→ **What the task asks**:
The records below need to be printed in full. Keep each one exact.

→ **Material to process**:

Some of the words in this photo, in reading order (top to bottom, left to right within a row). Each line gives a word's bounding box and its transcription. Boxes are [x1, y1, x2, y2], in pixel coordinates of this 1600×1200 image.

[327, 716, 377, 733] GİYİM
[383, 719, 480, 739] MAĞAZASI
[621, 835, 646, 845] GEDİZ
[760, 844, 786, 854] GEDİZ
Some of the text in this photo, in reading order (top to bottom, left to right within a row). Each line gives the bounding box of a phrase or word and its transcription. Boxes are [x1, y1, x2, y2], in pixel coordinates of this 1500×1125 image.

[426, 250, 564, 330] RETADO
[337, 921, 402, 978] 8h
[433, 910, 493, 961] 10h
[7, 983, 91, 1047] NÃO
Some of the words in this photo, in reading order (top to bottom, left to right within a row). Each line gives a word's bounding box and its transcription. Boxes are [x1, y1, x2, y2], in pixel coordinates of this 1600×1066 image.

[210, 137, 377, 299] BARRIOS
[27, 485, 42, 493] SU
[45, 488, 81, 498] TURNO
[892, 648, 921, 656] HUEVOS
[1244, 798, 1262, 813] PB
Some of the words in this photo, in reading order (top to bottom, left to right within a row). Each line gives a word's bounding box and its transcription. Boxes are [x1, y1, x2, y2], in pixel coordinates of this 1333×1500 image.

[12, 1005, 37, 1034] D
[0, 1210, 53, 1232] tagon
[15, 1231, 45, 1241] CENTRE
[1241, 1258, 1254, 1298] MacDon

→ **Response area**:
Some of the words in this photo, in reading order (top to bottom, left to right within a row). Each line gives a word's bounding box and its transcription. Boxes are [x1, y1, x2, y2], in pixel coordinates of this 1600×1200 image.

[327, 716, 377, 733] GİYİM
[383, 719, 480, 739] MAĞAZASI
[621, 835, 646, 845] GEDİZ
[760, 844, 786, 854] GEDİZ
Some of the text in this photo, in reading order (top to bottom, left to right within a row). Each line gives the bounding box of a phrase or word and its transcription. Boxes are [x1, y1, x2, y2], in pixel coordinates of this 1500×1125 image.

[426, 250, 564, 330] RETADO
[337, 921, 402, 978] 8h
[433, 910, 493, 961] 10h
[7, 983, 91, 1047] NÃO
Some of the words in this photo, in reading order (top to bottom, left to right within a row). Each line gives a word's bounding box and its transcription. Boxes are [x1, y1, x2, y2], in pixel coordinates of this 1600×1066 image.

[210, 137, 377, 299] BARRIOS
[27, 485, 42, 493] SU
[45, 488, 81, 498] TURNO
[892, 648, 921, 656] HUEVOS
[1244, 798, 1262, 813] PB
Some of the words in this photo, in reading order (top to bottom, left to right within a row). Each line gives a word's bounding box and its transcription. Boxes are [x1, y1, x2, y2], in pixel coordinates of this 1333×1500 image.

[12, 1005, 37, 1034] D
[0, 1210, 53, 1232] tagon
[15, 1231, 45, 1241] CENTRE
[1241, 1258, 1254, 1298] MacDon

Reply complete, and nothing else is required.